_EXERCISE OBJECTIVE:_
Pictures aside, repeat every record below exactly.

_EXERCISE MATERIAL:_
*****

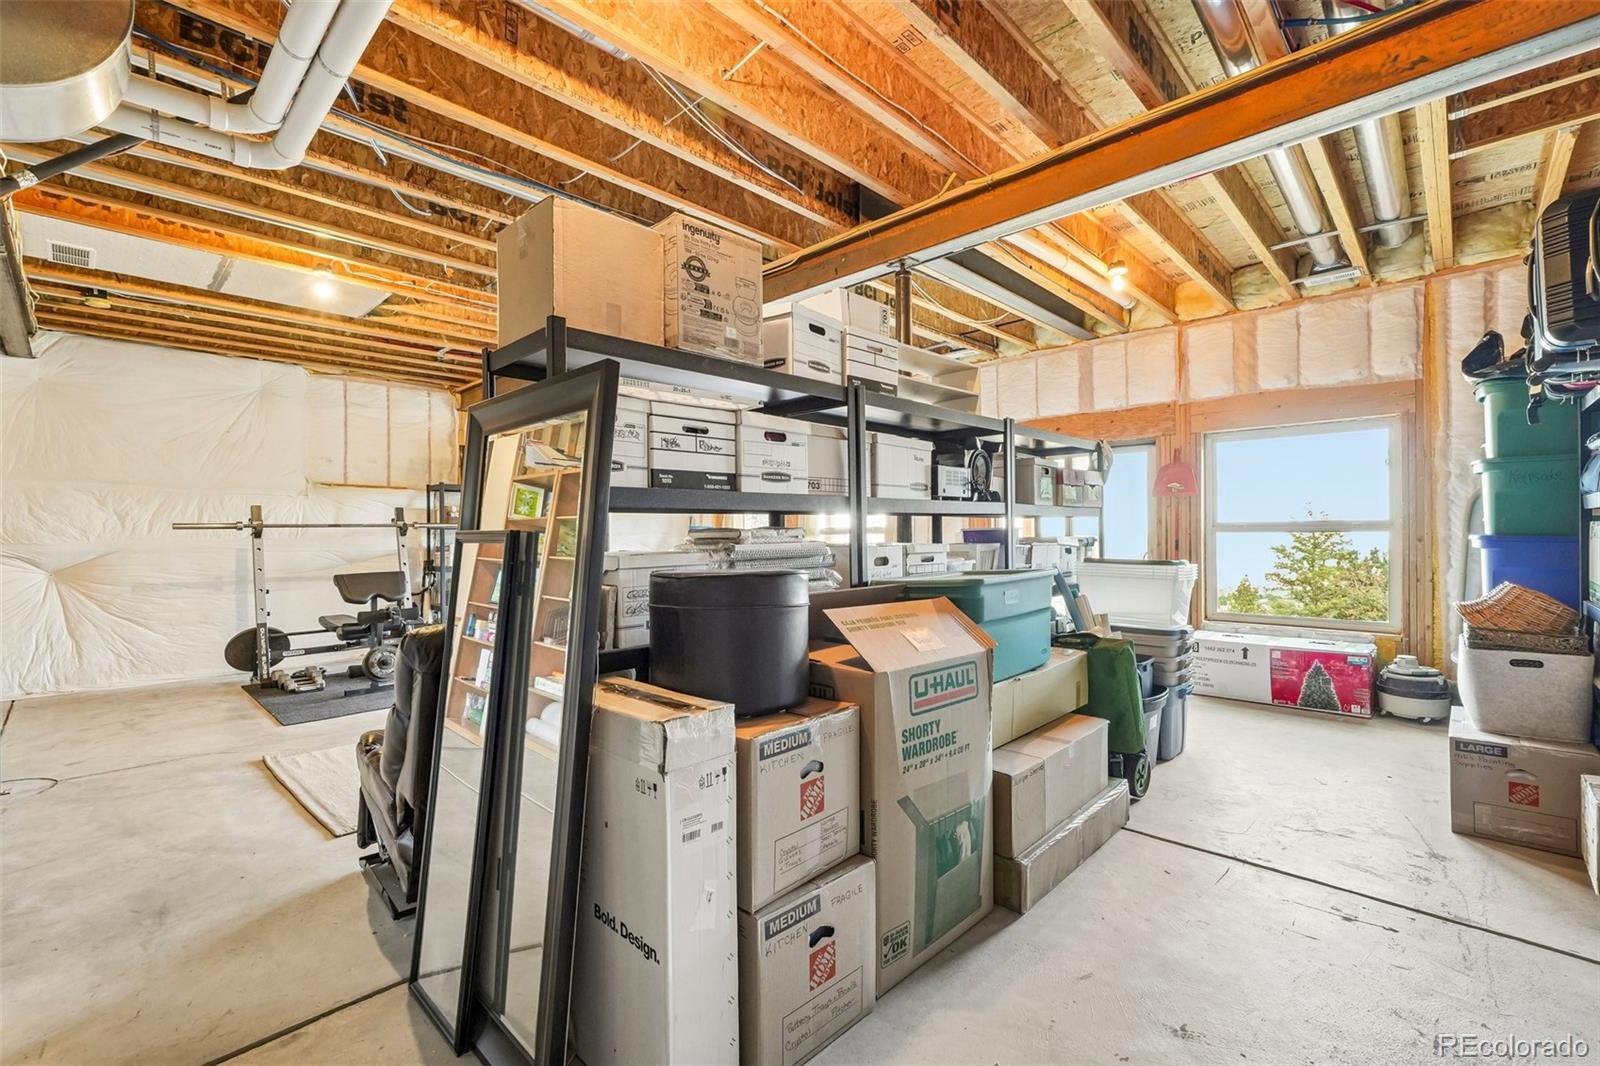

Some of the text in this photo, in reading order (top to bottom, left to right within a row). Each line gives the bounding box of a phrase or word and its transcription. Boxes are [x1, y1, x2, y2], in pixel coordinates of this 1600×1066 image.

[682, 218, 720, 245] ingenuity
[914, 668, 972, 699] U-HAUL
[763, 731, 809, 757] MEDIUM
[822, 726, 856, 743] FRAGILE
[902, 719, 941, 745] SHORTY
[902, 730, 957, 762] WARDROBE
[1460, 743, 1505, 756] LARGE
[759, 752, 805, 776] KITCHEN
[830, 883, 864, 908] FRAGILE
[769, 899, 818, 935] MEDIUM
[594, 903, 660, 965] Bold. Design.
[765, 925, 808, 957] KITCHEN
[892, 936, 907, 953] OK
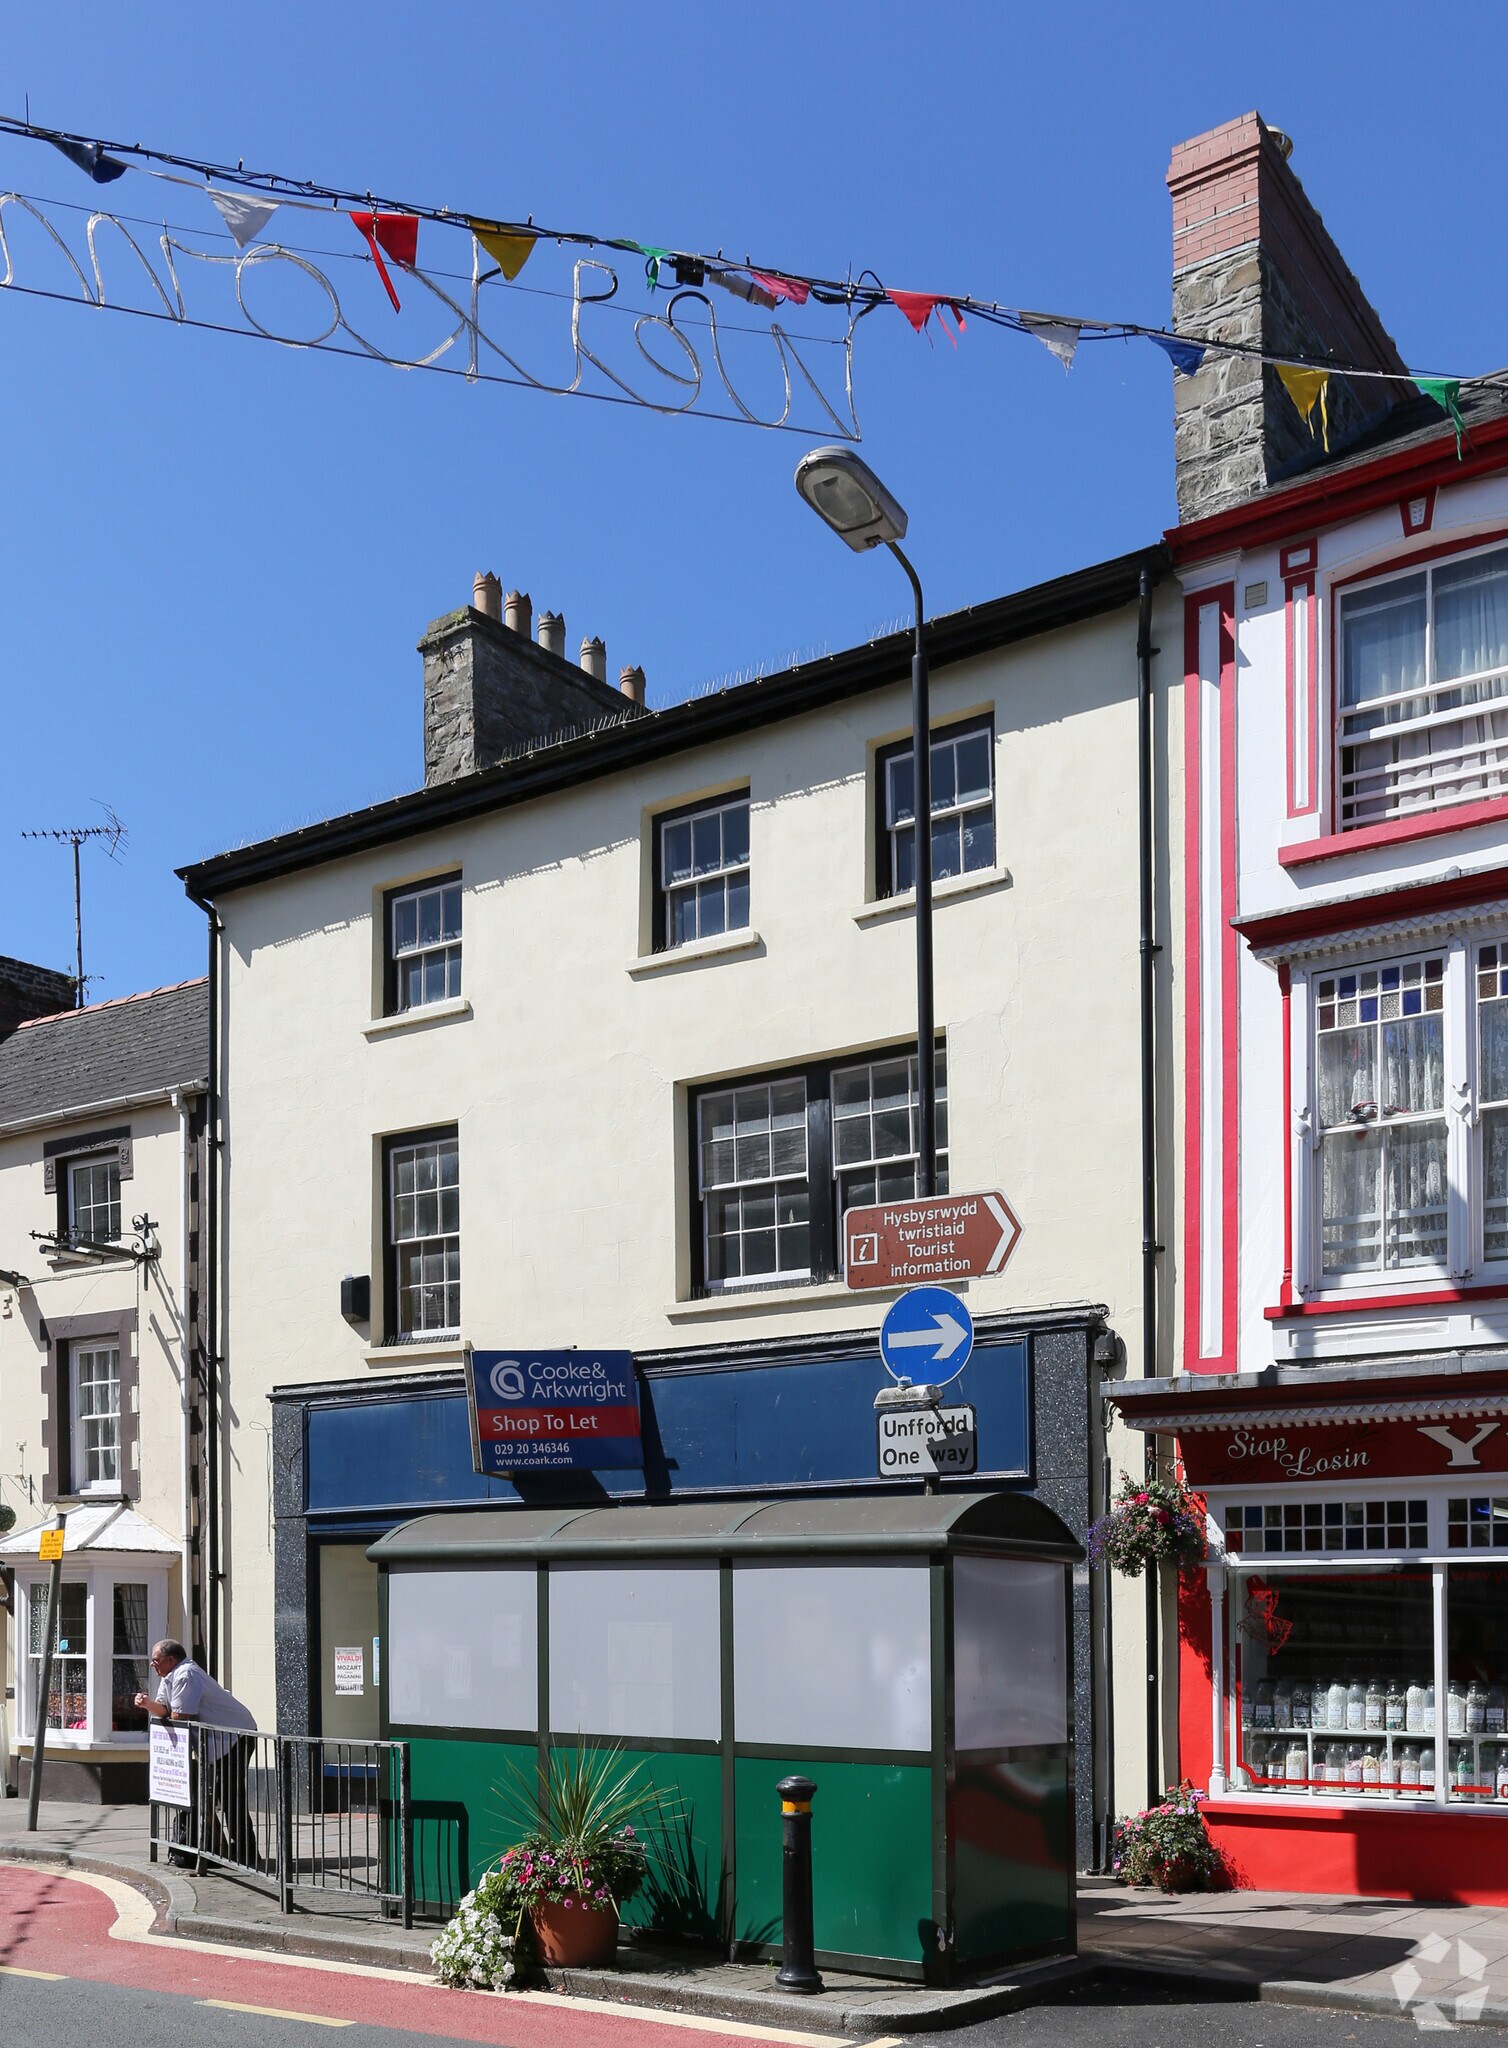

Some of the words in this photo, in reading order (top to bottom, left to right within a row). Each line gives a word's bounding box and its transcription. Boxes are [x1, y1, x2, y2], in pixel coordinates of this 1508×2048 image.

*****

_RESPONSE TO THE TASK:_
Some of the text in this photo, in reading order (top to bottom, left to right within a row). Each line gives the bounding box of a phrase or word and its transcription. Boxes are [x1, y1, x2, y2], in pixel coordinates of this 1600×1066 image.

[682, 218, 720, 245] ingenuity
[914, 668, 972, 699] U-HAUL
[763, 731, 809, 757] MEDIUM
[822, 726, 856, 743] FRAGILE
[902, 719, 941, 745] SHORTY
[902, 730, 957, 762] WARDROBE
[1460, 743, 1505, 756] LARGE
[759, 752, 805, 776] KITCHEN
[830, 883, 864, 908] FRAGILE
[769, 899, 818, 935] MEDIUM
[594, 903, 660, 965] Bold. Design.
[765, 925, 808, 957] KITCHEN
[892, 936, 907, 953] OK

Some of the words in this photo, in reading order (top to bottom, left to right within a row). Each line gives a word's bounding box and its transcription. Boxes are [x1, y1, x2, y2], in pixel coordinates of this 1508×2048 image.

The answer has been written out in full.